[Referring expression grounding data]
....

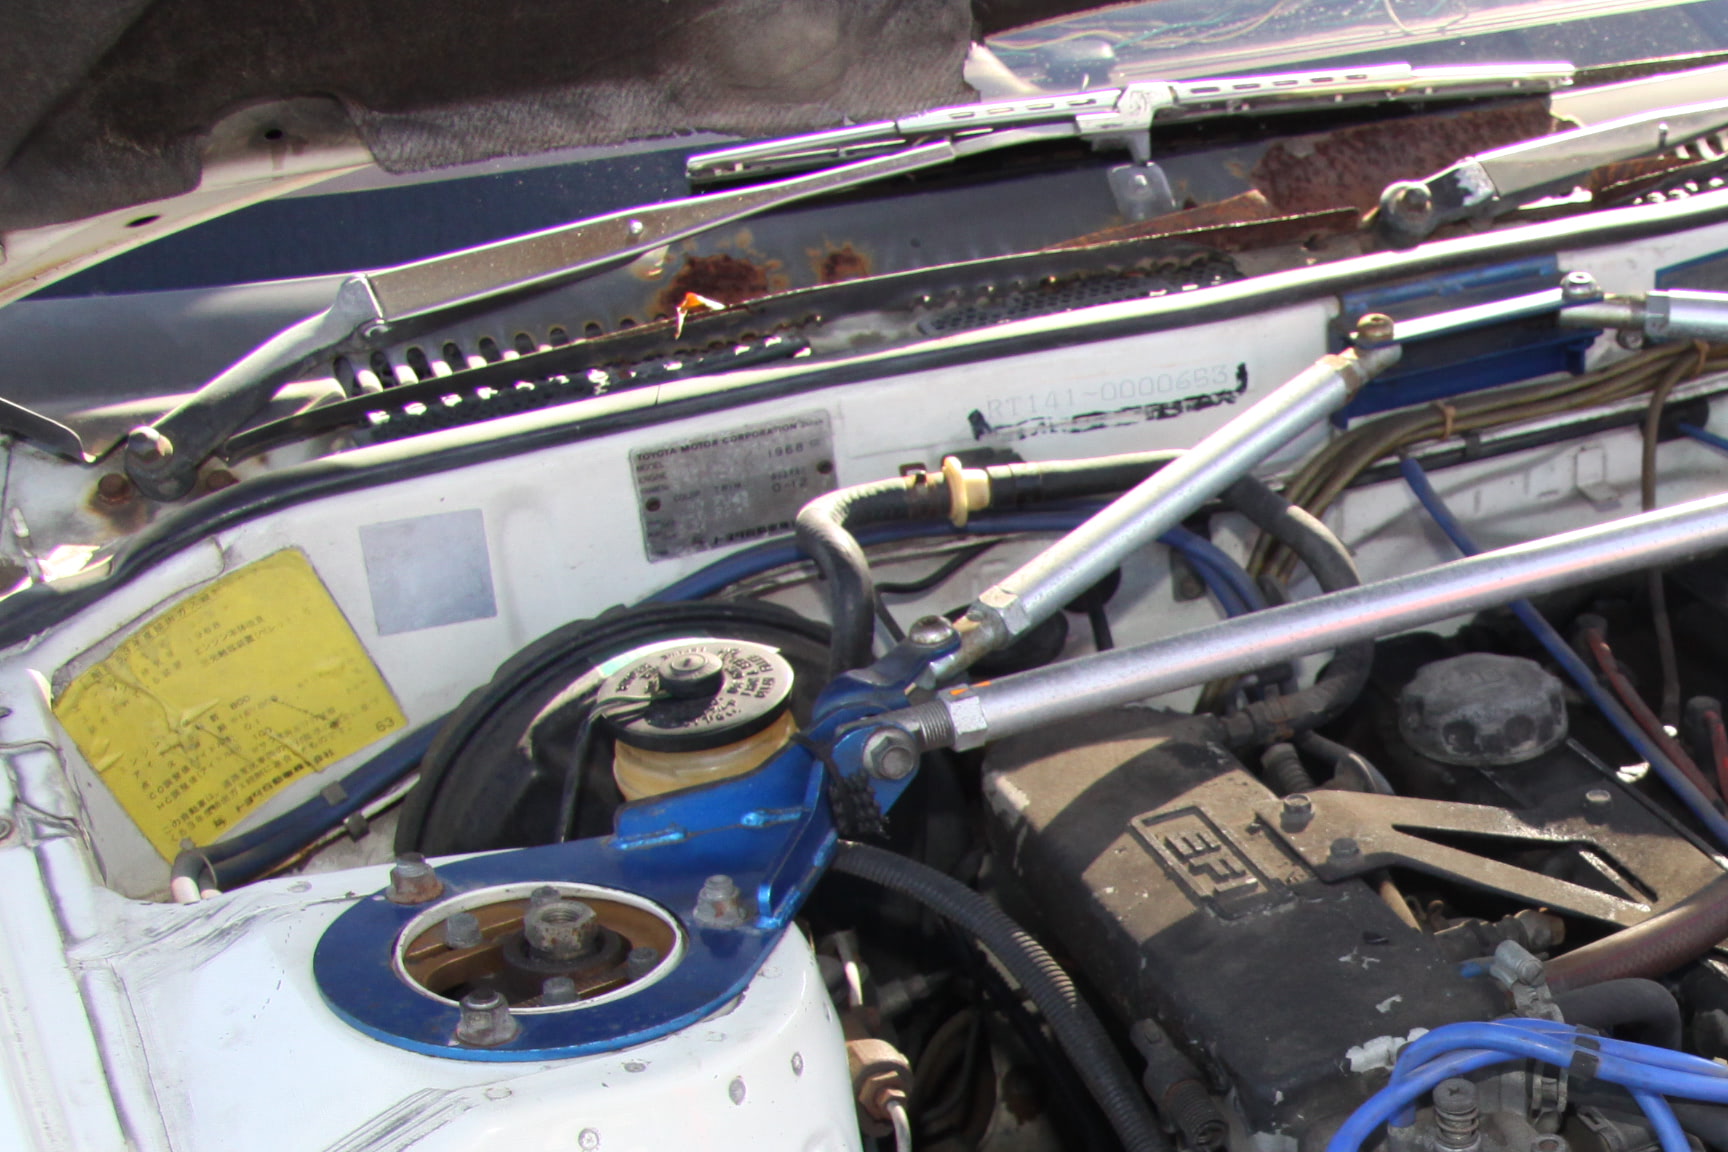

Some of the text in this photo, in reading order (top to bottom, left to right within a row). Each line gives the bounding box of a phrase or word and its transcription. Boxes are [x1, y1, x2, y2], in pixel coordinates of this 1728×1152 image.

[636, 447, 676, 461] TOYOTA
[680, 439, 718, 452] MOTOR
[721, 422, 797, 444] CORPORATION
[1161, 828, 1259, 895] EFI

....

* [INSTRUCTIONS FOR THE TASK] A verbatim copy of every record is to be produced, and pictures are to be excluded from it.

* [RESPONSE TO THE TASK]
Some of the text in this photo, in reading order (top to bottom, left to right within a row). Each line gives the bounding box of a phrase or word and its transcription. Boxes are [x1, y1, x2, y2], in pixel coordinates of this 1728×1152 image.

[636, 447, 676, 461] TOYOTA
[680, 439, 718, 452] MOTOR
[721, 422, 797, 444] CORPORATION
[1161, 828, 1259, 895] EFI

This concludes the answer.